At the beginning of the Battle of Guadalcanal, August 7, 1942, United States forces shelled Guadalcanal and neighboring Tulagi in the Solomon Islands. Soon after the attack began, 27 Japanese bombers and an escort of 17 fighters took off from Rabaul, Japan's stronghold and strategic base in the South Pacific. Their mission was to bomb the ships that were supporting the American attack.

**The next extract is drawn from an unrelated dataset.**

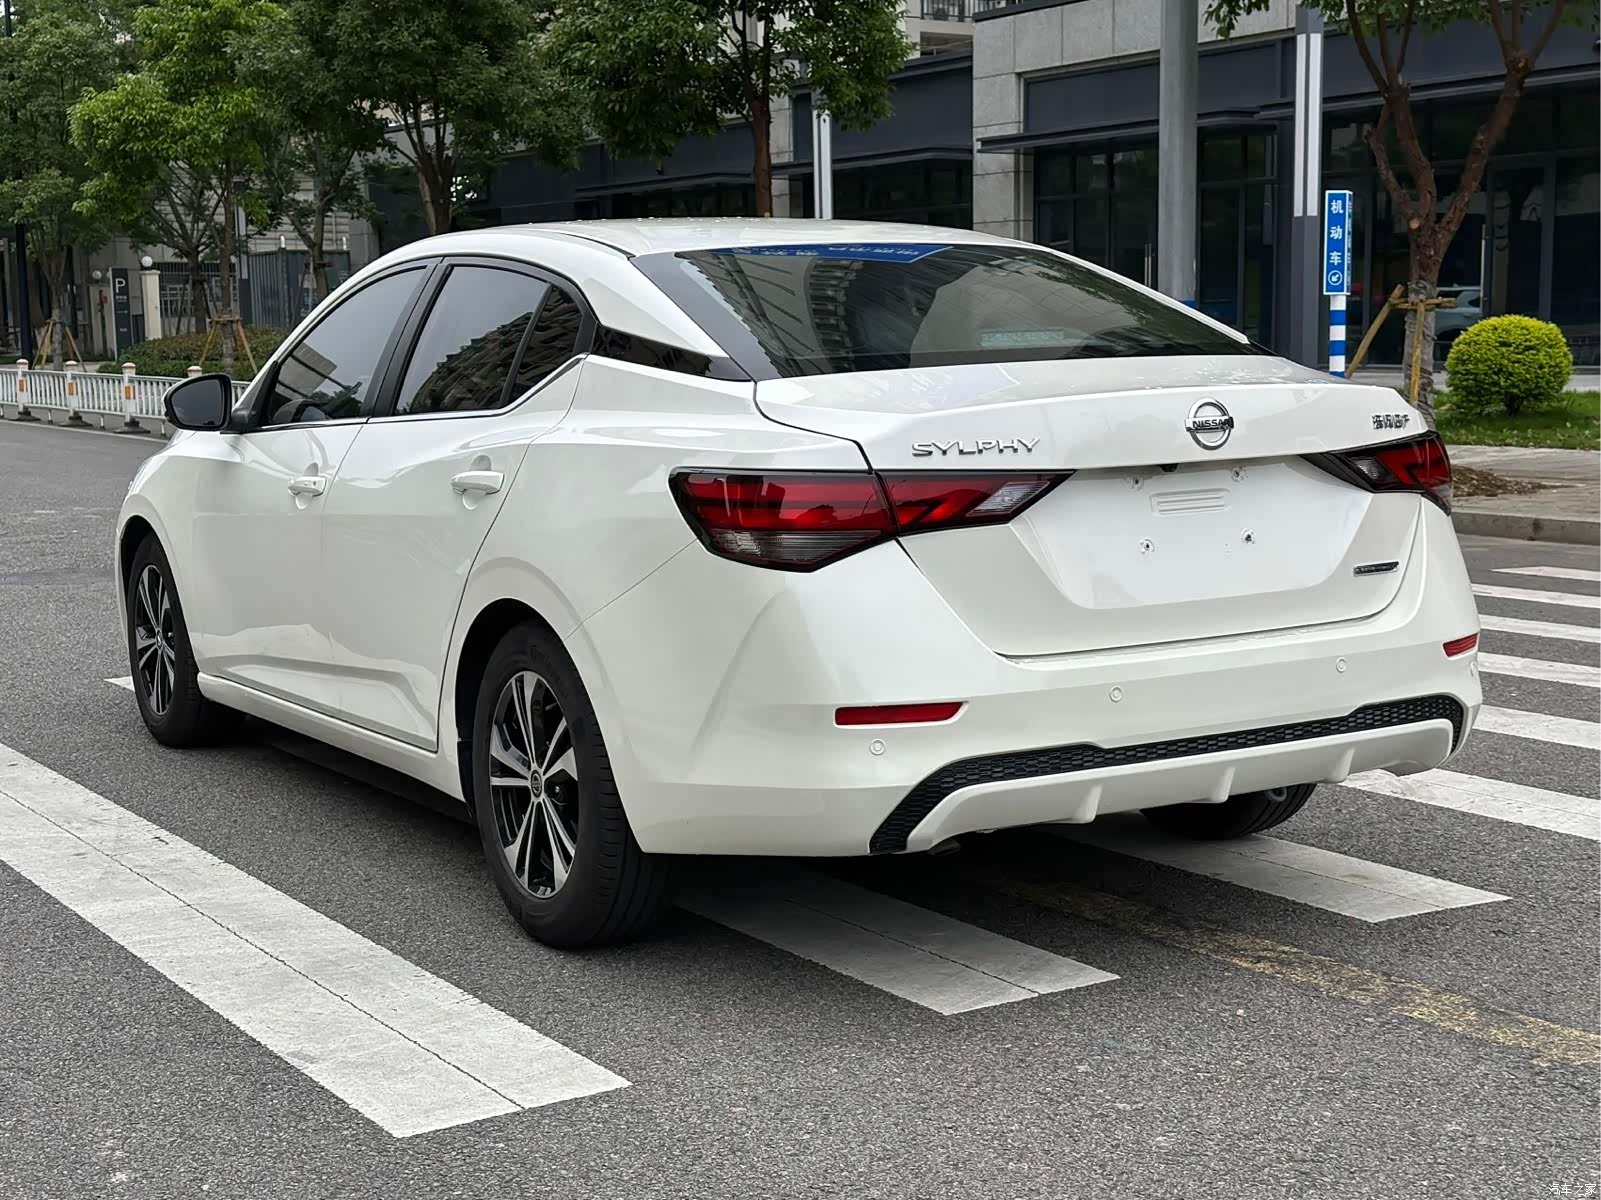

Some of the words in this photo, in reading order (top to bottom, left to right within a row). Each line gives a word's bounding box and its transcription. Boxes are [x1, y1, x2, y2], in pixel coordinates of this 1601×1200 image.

[1329, 199, 1344, 266] 机动车
[115, 278, 126, 294] P
[911, 437, 1041, 457] SYLPHY

Southerland shot down the first Japanese aircraft of the Guadalcanal campaign, a G4M1 "Betty" bomber of the 4th Kokutai, under the command of Shizuo Yamada. After shooting down a second bomber, Southerland was engaged in a dogfight with an A6M2 "Zero" of the Tainan Kokutai. He lined up the Zero in his sights only to find his guns would not fire, probably due to damage from fire by the tailgunner from the second bomber he had downed. Although he was now defenseless, Southerland had to stay in the fight. Two more Zeros engaged him, but he successfully outmaneuvered all three of them. The dogfight was spotted by Saburo Sakai who felt the deftly handled Wildcat was winning the engagement. Sakai described the duel in his autobiography:
Southerland and Sakai were soon engaged in one of the most legendary dogfights in aviation history. After an extended battle in which both pilots gained and lost the upper hand, Sakai finally shot down Southerland's Wildcat, striking it below the left wing root with his 20mm cannon. As Southerland bailed out of his doomed Wildcat his .45 caliber automatic pistol caught in the cockpit. He managed to free himself but lost his pistol, leaving him weaponless, wounded, and alone behind enemy lines.
Suffering from eleven wounds, shock and exhaustion, Southerland struggled through the brush, carefully evading Japanese soldiers. He finally reached the coast, where he was found by some natives, who at the risk of their own lives fed him and treated his wounds. With their assistance, he eluded the Japanese ground forces and returned to American lines. Southerland was evacuated from Guadalcanal on the first patrol boat to land at Henderson Field, on August 20.
Both pilots survived the war to write their accounts, making it one of the best documented dogfights of WWII. On February 14, 1998 the wreckage of Southerland's Wildcat was found. Investigation of the remains has confirmed both Southerland's and Sakai's accounts of the dogfight.
Southerland later fought in the Battle of Okinawa in 1945. By then a commander and leading VF-83 aboard the USS Essex, he shot down two Ki-61 "Tonys". He became a confirmed ace in April of that year when he downed a A6M "Zeke" while serving aboard the USS Langley.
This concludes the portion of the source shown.